6. En deuxième lieu, l'administration peut, en première instance comme en appel, faire valoir devant le juge de l'excès de pouvoir que la décision dont l'annulation est demandée est légalement justifiée par un motif, de droit ou de fait, autre que celui initialement indiqué, mais également fondé sur la situation existant à la date de cette décision. Il appartient alors au juge, après avoir mis à même l'auteur du recours de présenter ses observations sur la substitution ainsi sollicitée, de rechercher si un tel motif est de nature à fonder légalement la décision, puis d'apprécier s'il résulte de l'instruction que l'administration aurait pris la même décision si elle s'était fondée initialement sur ce motif. Dans l'affirmative il peut procéder à la substitution demandée, sous réserve toutefois qu'elle ne prive pas le requérant d'une garantie procédurale liée au motif substitué.

7. En l'espèce, l'AP-HP qui se borne à expliciter dans sa défense produite en appel ce qu'elle entend par " insubordination hiérarchique ", afin d'y inclure également le fait de tenir des propos désobligeants et agressifs à l'encontre de ses supérieurs hiérarchiques, ainsi que l'existence d'une attitude d'opposition et de désinvolture vis-à-vis des missions et de l'hôpital, celle-ci ne peut être regardée comme ayant sollicité une substitution de motifs.

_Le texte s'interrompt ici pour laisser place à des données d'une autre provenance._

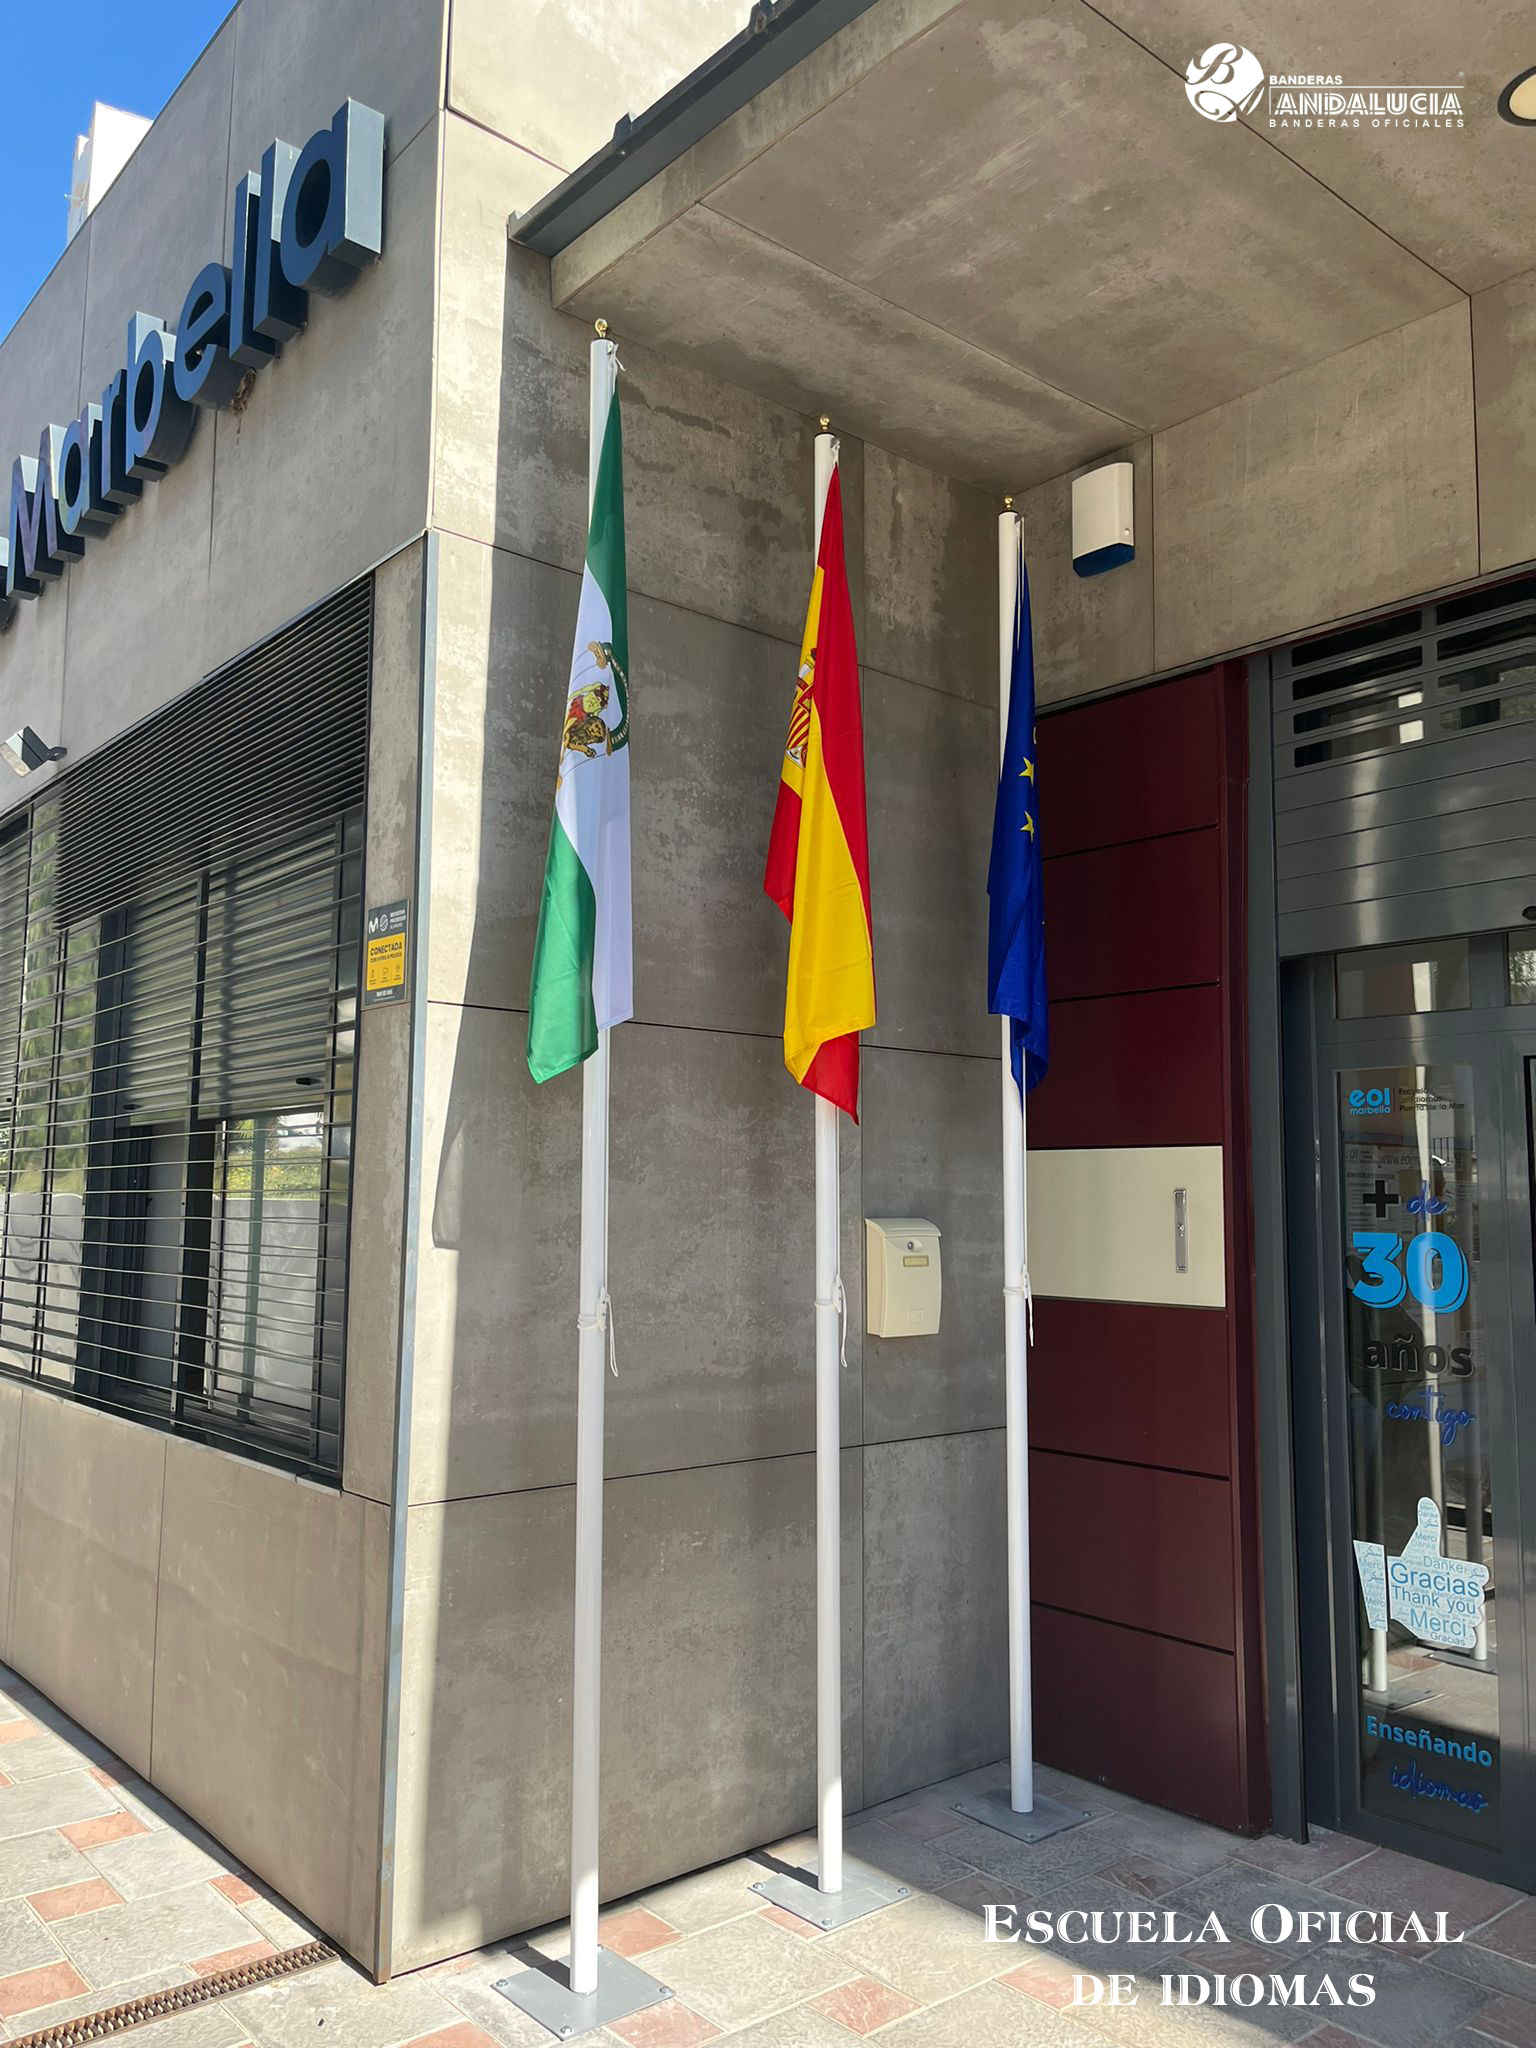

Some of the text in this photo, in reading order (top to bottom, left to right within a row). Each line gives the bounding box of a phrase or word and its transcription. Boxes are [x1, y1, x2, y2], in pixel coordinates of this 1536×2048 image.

[6, 97, 385, 600] Marbella
[370, 941, 403, 957] CONECTADA
[1350, 1106, 1391, 1115] marbella
[1407, 1180, 1448, 1221] de
[1353, 1232, 1469, 1314] 30
[1363, 1335, 1475, 1377] años
[1385, 1385, 1475, 1446] contigo
[1391, 1563, 1480, 1598] Gracias
[1423, 1556, 1464, 1573] Danke
[1392, 1584, 1440, 1608] Thank
[1447, 1599, 1476, 1614] you
[1410, 1608, 1466, 1637] Merci
[1430, 1631, 1466, 1646] Gracias
[1366, 1715, 1493, 1768] Enseñando
[1390, 1761, 1489, 1814] idiomas

8. Si l'AP-HP fait valoir que M. C...n'aurait pas procédé au contrôle d'identité d'un visiteur le 4 novembre 2014, que la rédaction du schéma directeur de sécurité dont il avait la charge aurait été très laborieuse et présenterait des insuffisances conceptuelles et rédactionnelles, que ses supérieurs auraient eu des difficultés pour obtenir rapidement des comptes rendus concernant les assemblées générales organisées par les syndicats de personnels à l'occasion de mouvements sociaux, qualifiés en outre d'incomplets, ces griefs sont étrangers au reproche d'insubordination hiérarchique retenu par le licenciement contesté.

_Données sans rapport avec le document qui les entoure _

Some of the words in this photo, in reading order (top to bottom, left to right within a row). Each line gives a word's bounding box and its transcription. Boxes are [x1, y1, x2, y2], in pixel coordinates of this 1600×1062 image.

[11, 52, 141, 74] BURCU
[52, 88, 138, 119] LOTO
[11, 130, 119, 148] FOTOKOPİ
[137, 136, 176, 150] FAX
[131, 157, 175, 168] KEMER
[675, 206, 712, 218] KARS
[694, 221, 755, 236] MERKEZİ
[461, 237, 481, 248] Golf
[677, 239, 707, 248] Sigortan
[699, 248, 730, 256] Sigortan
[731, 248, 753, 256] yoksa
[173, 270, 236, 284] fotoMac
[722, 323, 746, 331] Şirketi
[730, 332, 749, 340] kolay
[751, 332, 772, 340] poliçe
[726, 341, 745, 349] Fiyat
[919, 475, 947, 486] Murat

9. En troisième lieu, il ressort des rapports versés au dossier par l'administration, qu'à l'occasion de la visite de l'hôpital Charles Foix, le 1er octobre 2014, par trois personnalités,

Mme Bernadette Chirac, présidente de la Fondation des hôpitaux de France, Mme E...G...et Mme H...A..., M. C...n'était pas présent sur les lieux pour recevoir les instructions des autorités administratives, trente minutes avant, alors que cela lui avait été expressément demandé. Des témoins attestent par ailleurs qu'à la suite d'une remarque formulée à ce sujet par la directrice adjointe de cet hôpital, il s'est violemment emporté, un autre directeur adjoint ayant dû intervenir pour lui demander de modérer ses propos.

10. En revanche, si l'administration reproche en outre à M. C... d'avoir mis en place un dispositif de sécurité insuffisant lors de cette visite du 1er octobre 2014, et qu'il n'aurait pas contacté l'officier de sécurité de Mme D...et se serait contenté de lui laisser un message, ce qu'il conteste, la matérialité de ces faits n'est pas établie. En outre, si l'administration lui reproche son positionnement qualifié d'inadapté sur les sujets sociaux vis-à-vis des membres de l'équipe de direction et le fait qu'il exécuterait les consignes données sans en maîtriser les enjeux, en faisant parfois preuve d'un humour inapproprié, le non respect du contenu de ces exigences très imprécises ne peut être regardé comme fautif à l'égard d'un agent de sécurité contractuel.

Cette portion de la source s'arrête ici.